I can attest there support is garbage. Went through the same issues after switching phones. I don't normally play U-play titles cause well Ubisoft can suck on piles of horse manure. That said took like 4-5 hours through support and a bunch of hoops to gain access to 3 games i actually play through there shitty service.


----------



## rtwjunkie (Mar 20, 2018)

I agree their support is tough to navigate, as you saw, but no worse than Steam’s seeming commitment to keeping customers from actually solving any real problems without having the patience of Job.

As to the Uplay service, I find it to have minimal overhead, be fast, and a well laid out UI.  Playing games directly from Uplay is a breeze.  The real trouble is when people try to play a game on Uplay through Steam.  Double navigation = no good.


----------



## Laurijan (Mar 21, 2018)

crazyeyesreaper said:


> I can attest there support is garbage. Went through the same issues after switching phones. I don't normally play U-play titles cause well Ubisoft can suck on piles of horse manure. That said took like 4-5 hours through support and a bunch of hoops to gain access to 3 games i actually play through there shitty service.



Crazy your right with ubisoft games sucking. I just didnt want to lose the games i bought for uplay in humble bundle and the 30th anniversary free games i got from uplay back then for free. Also I have both watchdogs games 1 i got free and part 2 i got with an nvidia gtx1080 bundled.
I dislike openworld games that are filled with meaningless side activity to stretch the gametime out as far as possible.
I hope AC origins for PS4 (no crap DRM like on PC) has changed ubisoft far enough for their games to be top notch.
In AC origins I still immediatly realized in first 30min ubisoft still has some sort of permanent disability in not being able to tell a story so that you understand it completly without having to fill in missing parts by yourself.
Black flag was good at least - storytelling still sucked though


----------



## rtwjunkie (Mar 21, 2018)

@Laurijan why would your character instantly know the entire string of people involved in the corruption of Ptolemy’s government and responsible for your son’s death?

It is a deep web of deception and corruption which you must track down like a mystery and stamp out.  It’s actually a quite complex story which parallels historical events in that time period very well.

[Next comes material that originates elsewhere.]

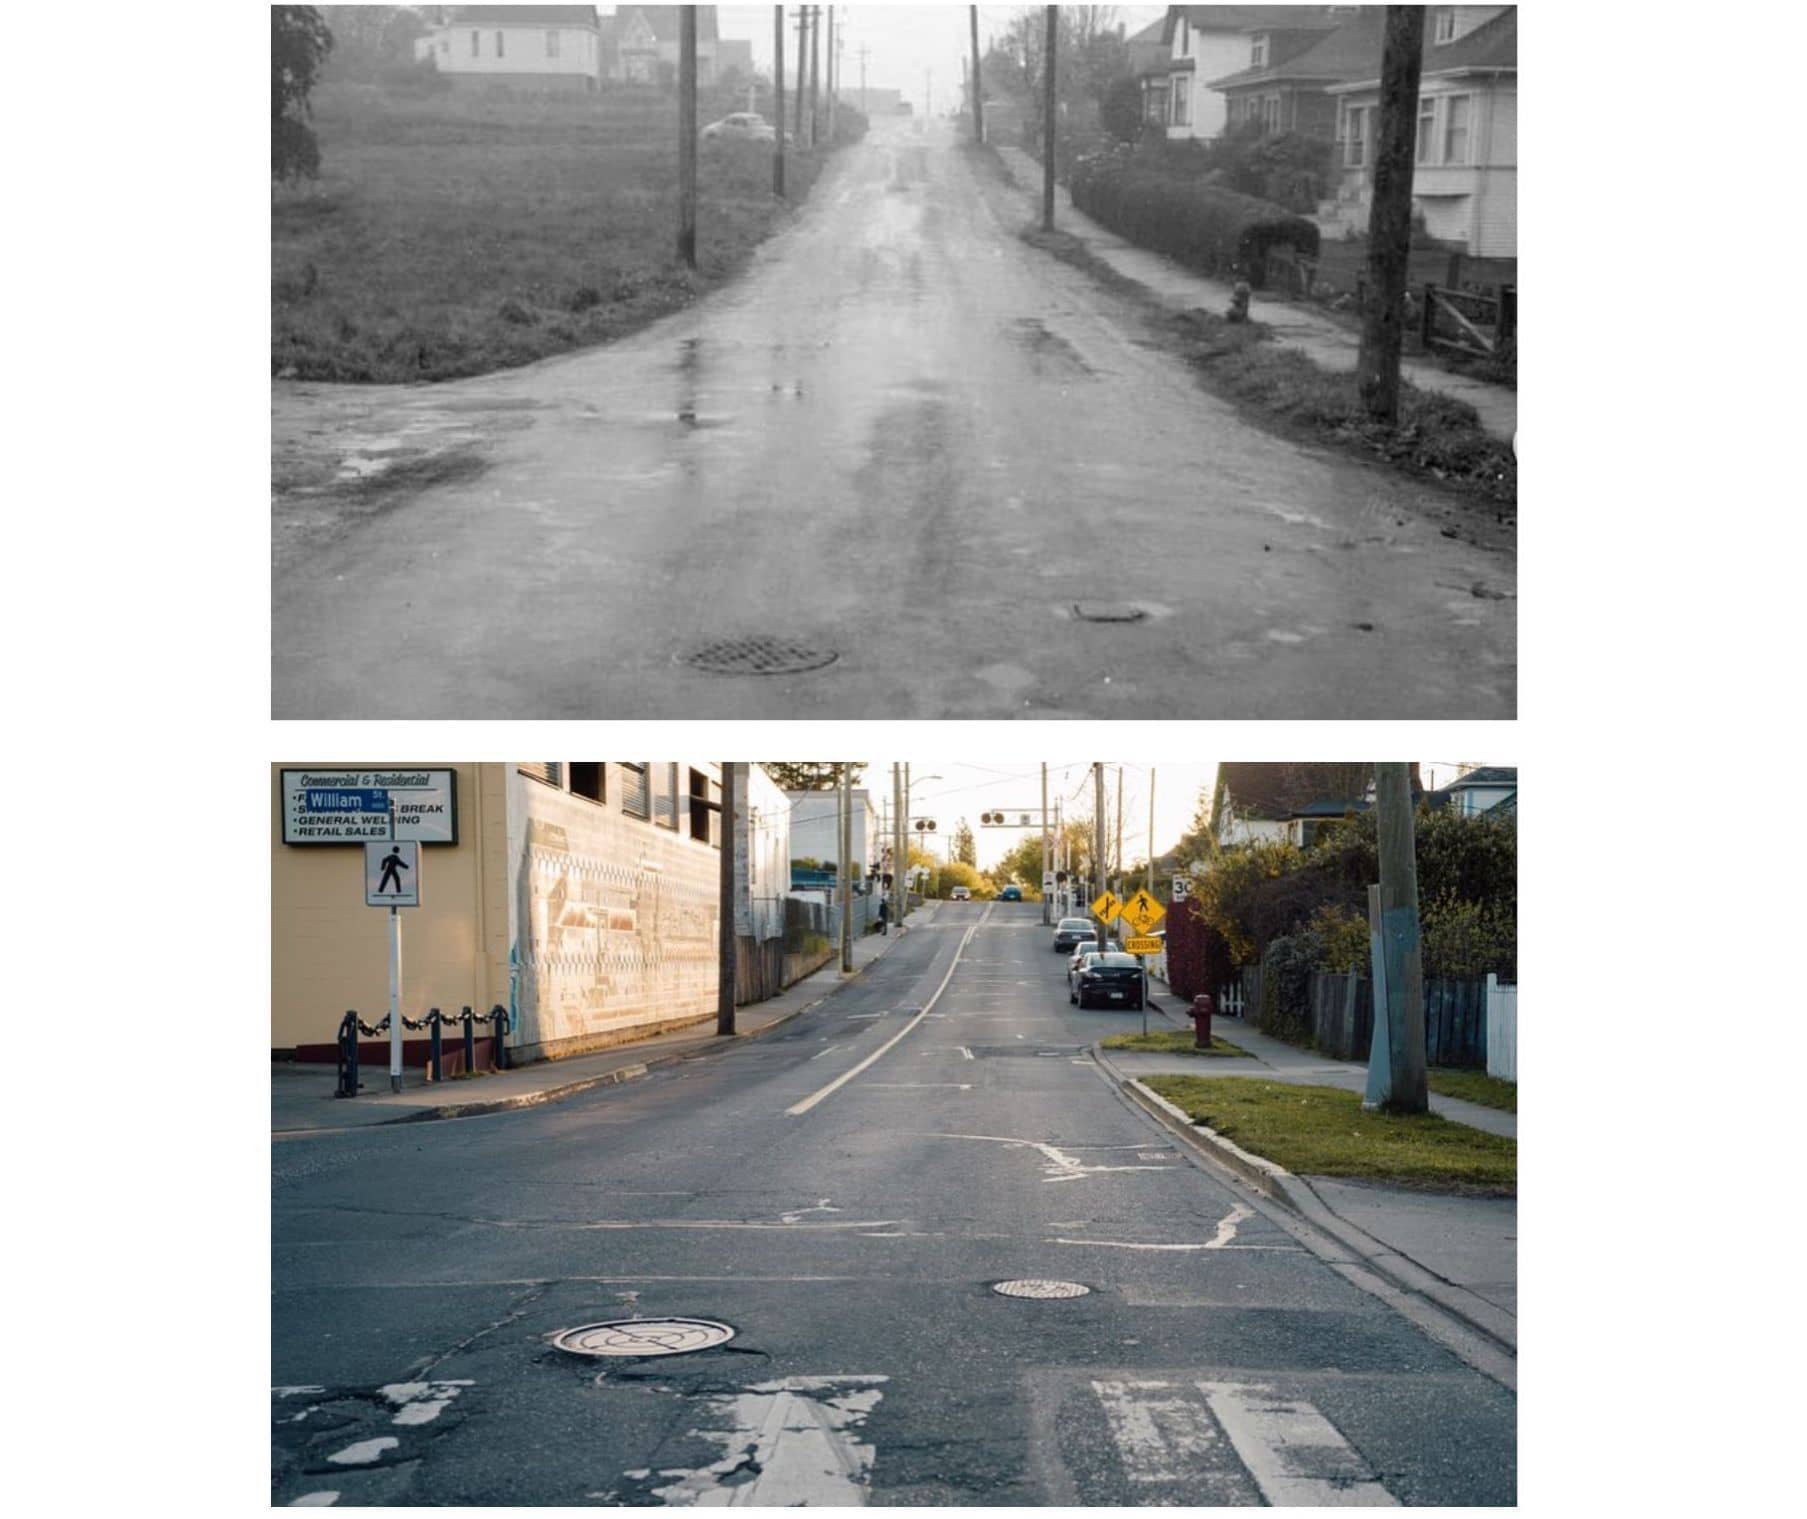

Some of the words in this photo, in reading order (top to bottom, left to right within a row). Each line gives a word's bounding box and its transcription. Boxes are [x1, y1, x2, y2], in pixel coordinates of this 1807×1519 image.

Interesting that you mention Black Flag. AC:O, which has extremely high ratings, is made by the same team that made Black Flag.  Think of it as Black Flag on sand instead of water.


----------



## Laurijan (Mar 21, 2018)

rtwjunkie said:


> @Laurijan why would your character instantly know the entire string of people involved in the corruption of Ptolemy’s government and responsible for your son’s death?
> 
> It is a deep web of deception and corruption which you must track down like a mystery and stamp out.  It’s actually a quite complex story which parallels historical events in that time period very well.
> 
> Interesting that you mention Black Flag. AC:O, which has extremely high ratings, is made by the same team that made Black Flag.  Think of it as Black Flag on sand instead of water.



I just said that the story telling is strange since i didnt understand anything what was happening in the intro or when you jumped ingame why you fight this one masked man. Also when you arrived in the city in the house of your friend and the soldier came to search this friend he said if they find my letters i am screwed. 
So i was like what letter please? 
I am not pleased when i am kept in the dark to much. I hope the game gets better and the story more understandable.
I wish more game studios could tell a story witcher 3 style..
In black flag i found that the story left out a whole lot of information and jumped to fast forward. 
More conversation and thus explanation would have been good. 
One example was at the end when his reborn one rose against you no damn explanation was given why...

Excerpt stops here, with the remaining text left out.